Task requirements :: Output, exactly and in full, the entries that appear below.

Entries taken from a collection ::

-- Opening Marker --

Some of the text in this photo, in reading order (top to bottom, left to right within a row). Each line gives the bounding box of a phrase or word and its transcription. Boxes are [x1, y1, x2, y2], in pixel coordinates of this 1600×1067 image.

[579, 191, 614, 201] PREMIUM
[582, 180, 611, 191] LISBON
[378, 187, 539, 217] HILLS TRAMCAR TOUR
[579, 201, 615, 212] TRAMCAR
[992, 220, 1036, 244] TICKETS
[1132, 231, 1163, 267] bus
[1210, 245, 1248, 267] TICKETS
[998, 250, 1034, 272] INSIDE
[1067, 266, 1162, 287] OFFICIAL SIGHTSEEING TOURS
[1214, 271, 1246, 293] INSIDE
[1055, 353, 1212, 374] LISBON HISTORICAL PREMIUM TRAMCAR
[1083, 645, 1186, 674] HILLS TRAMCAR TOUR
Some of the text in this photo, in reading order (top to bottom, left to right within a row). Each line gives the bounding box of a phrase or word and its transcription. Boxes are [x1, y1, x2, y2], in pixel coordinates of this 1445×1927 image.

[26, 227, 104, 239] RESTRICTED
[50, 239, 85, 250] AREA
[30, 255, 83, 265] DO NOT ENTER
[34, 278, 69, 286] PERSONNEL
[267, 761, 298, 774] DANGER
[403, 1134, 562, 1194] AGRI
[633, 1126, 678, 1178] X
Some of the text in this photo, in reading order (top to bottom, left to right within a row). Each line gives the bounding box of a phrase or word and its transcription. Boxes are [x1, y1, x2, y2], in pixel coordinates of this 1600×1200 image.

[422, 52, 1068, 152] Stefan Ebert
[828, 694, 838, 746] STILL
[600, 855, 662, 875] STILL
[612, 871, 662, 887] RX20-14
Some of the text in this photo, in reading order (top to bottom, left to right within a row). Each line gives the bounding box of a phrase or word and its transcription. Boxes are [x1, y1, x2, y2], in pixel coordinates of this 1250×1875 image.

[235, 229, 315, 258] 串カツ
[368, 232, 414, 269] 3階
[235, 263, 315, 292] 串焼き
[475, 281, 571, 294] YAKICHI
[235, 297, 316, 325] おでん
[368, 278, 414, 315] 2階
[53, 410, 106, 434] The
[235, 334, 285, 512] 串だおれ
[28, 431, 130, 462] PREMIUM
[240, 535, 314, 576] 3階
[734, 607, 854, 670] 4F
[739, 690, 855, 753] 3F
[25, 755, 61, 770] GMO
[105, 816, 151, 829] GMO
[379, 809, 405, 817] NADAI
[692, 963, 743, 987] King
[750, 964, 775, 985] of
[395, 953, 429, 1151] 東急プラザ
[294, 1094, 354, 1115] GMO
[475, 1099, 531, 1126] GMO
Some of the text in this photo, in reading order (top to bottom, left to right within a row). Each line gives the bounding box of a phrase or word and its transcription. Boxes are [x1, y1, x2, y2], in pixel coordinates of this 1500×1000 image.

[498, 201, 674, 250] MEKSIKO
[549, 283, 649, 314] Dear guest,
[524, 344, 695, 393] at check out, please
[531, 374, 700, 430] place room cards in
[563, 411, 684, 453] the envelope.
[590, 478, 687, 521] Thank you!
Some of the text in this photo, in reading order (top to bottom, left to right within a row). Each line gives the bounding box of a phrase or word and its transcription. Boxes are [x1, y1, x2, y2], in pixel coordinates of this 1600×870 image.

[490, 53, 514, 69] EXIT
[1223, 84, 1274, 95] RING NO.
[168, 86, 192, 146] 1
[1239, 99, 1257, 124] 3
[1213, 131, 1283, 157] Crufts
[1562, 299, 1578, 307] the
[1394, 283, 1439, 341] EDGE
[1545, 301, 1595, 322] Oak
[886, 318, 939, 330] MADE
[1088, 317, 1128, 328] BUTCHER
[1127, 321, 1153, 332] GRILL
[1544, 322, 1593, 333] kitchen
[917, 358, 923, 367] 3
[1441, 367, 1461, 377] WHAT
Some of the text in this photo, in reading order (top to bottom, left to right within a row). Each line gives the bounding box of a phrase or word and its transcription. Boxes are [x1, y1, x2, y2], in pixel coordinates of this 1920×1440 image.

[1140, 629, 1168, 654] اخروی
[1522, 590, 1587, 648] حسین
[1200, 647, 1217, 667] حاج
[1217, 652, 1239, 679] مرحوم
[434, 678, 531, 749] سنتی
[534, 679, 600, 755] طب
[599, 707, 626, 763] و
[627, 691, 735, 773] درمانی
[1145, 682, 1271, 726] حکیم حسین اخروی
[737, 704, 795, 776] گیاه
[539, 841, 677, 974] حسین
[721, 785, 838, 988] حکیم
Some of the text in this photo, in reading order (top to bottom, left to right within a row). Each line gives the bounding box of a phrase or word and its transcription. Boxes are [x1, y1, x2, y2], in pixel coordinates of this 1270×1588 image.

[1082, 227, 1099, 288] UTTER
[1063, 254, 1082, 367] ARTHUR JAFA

-- Closing Marker --

Solved problem ::
Some of the text in this photo, in reading order (top to bottom, left to right within a row). Each line gives the bounding box of a phrase or word and its transcription. Boxes are [x1, y1, x2, y2], in pixel coordinates of this 1600×1067 image.

[579, 191, 614, 201] PREMIUM
[582, 180, 611, 191] LISBON
[378, 187, 539, 217] HILLS TRAMCAR TOUR
[579, 201, 615, 212] TRAMCAR
[992, 220, 1036, 244] TICKETS
[1132, 231, 1163, 267] bus
[1210, 245, 1248, 267] TICKETS
[998, 250, 1034, 272] INSIDE
[1067, 266, 1162, 287] OFFICIAL SIGHTSEEING TOURS
[1214, 271, 1246, 293] INSIDE
[1055, 353, 1212, 374] LISBON HISTORICAL PREMIUM TRAMCAR
[1083, 645, 1186, 674] HILLS TRAMCAR TOUR
Some of the text in this photo, in reading order (top to bottom, left to right within a row). Each line gives the bounding box of a phrase or word and its transcription. Boxes are [x1, y1, x2, y2], in pixel coordinates of this 1445×1927 image.

[26, 227, 104, 239] RESTRICTED
[50, 239, 85, 250] AREA
[30, 255, 83, 265] DO NOT ENTER
[34, 278, 69, 286] PERSONNEL
[267, 761, 298, 774] DANGER
[403, 1134, 562, 1194] AGRI
[633, 1126, 678, 1178] X
Some of the text in this photo, in reading order (top to bottom, left to right within a row). Each line gives the bounding box of a phrase or word and its transcription. Boxes are [x1, y1, x2, y2], in pixel coordinates of this 1600×1200 image.

[422, 52, 1068, 152] Stefan Ebert
[828, 694, 838, 746] STILL
[600, 855, 662, 875] STILL
[612, 871, 662, 887] RX20-14
Some of the text in this photo, in reading order (top to bottom, left to right within a row). Each line gives the bounding box of a phrase or word and its transcription. Boxes are [x1, y1, x2, y2], in pixel coordinates of this 1250×1875 image.

[235, 229, 315, 258] 串カツ
[368, 232, 414, 269] 3階
[235, 263, 315, 292] 串焼き
[475, 281, 571, 294] YAKICHI
[235, 297, 316, 325] おでん
[368, 278, 414, 315] 2階
[53, 410, 106, 434] The
[235, 334, 285, 512] 串だおれ
[28, 431, 130, 462] PREMIUM
[240, 535, 314, 576] 3階
[734, 607, 854, 670] 4F
[739, 690, 855, 753] 3F
[25, 755, 61, 770] GMO
[105, 816, 151, 829] GMO
[379, 809, 405, 817] NADAI
[692, 963, 743, 987] King
[750, 964, 775, 985] of
[395, 953, 429, 1151] 東急プラザ
[294, 1094, 354, 1115] GMO
[475, 1099, 531, 1126] GMO
Some of the text in this photo, in reading order (top to bottom, left to right within a row). Each line gives the bounding box of a phrase or word and its transcription. Boxes are [x1, y1, x2, y2], in pixel coordinates of this 1500×1000 image.

[498, 201, 674, 250] MEKSIKO
[549, 283, 649, 314] Dear guest,
[524, 344, 695, 393] at check out, please
[531, 374, 700, 430] place room cards in
[563, 411, 684, 453] the envelope.
[590, 478, 687, 521] Thank you!
Some of the text in this photo, in reading order (top to bottom, left to right within a row). Each line gives the bounding box of a phrase or word and its transcription. Boxes are [x1, y1, x2, y2], in pixel coordinates of this 1600×870 image.

[490, 53, 514, 69] EXIT
[1223, 84, 1274, 95] RING NO.
[168, 86, 192, 146] 1
[1239, 99, 1257, 124] 3
[1213, 131, 1283, 157] Crufts
[1562, 299, 1578, 307] the
[1394, 283, 1439, 341] EDGE
[1545, 301, 1595, 322] Oak
[886, 318, 939, 330] MADE
[1088, 317, 1128, 328] BUTCHER
[1127, 321, 1153, 332] GRILL
[1544, 322, 1593, 333] kitchen
[917, 358, 923, 367] 3
[1441, 367, 1461, 377] WHAT
Some of the text in this photo, in reading order (top to bottom, left to right within a row). Each line gives the bounding box of a phrase or word and its transcription. Boxes are [x1, y1, x2, y2], in pixel coordinates of this 1920×1440 image.

[1140, 629, 1168, 654] اخروی
[1522, 590, 1587, 648] حسین
[1200, 647, 1217, 667] حاج
[1217, 652, 1239, 679] مرحوم
[434, 678, 531, 749] سنتی
[534, 679, 600, 755] طب
[599, 707, 626, 763] و
[627, 691, 735, 773] درمانی
[1145, 682, 1271, 726] حکیم حسین اخروی
[737, 704, 795, 776] گیاه
[539, 841, 677, 974] حسین
[721, 785, 838, 988] حکیم
Some of the text in this photo, in reading order (top to bottom, left to right within a row). Each line gives the bounding box of a phrase or word and its transcription. Boxes are [x1, y1, x2, y2], in pixel coordinates of this 1270×1588 image.

[1082, 227, 1099, 288] UTTER
[1063, 254, 1082, 367] ARTHUR JAFA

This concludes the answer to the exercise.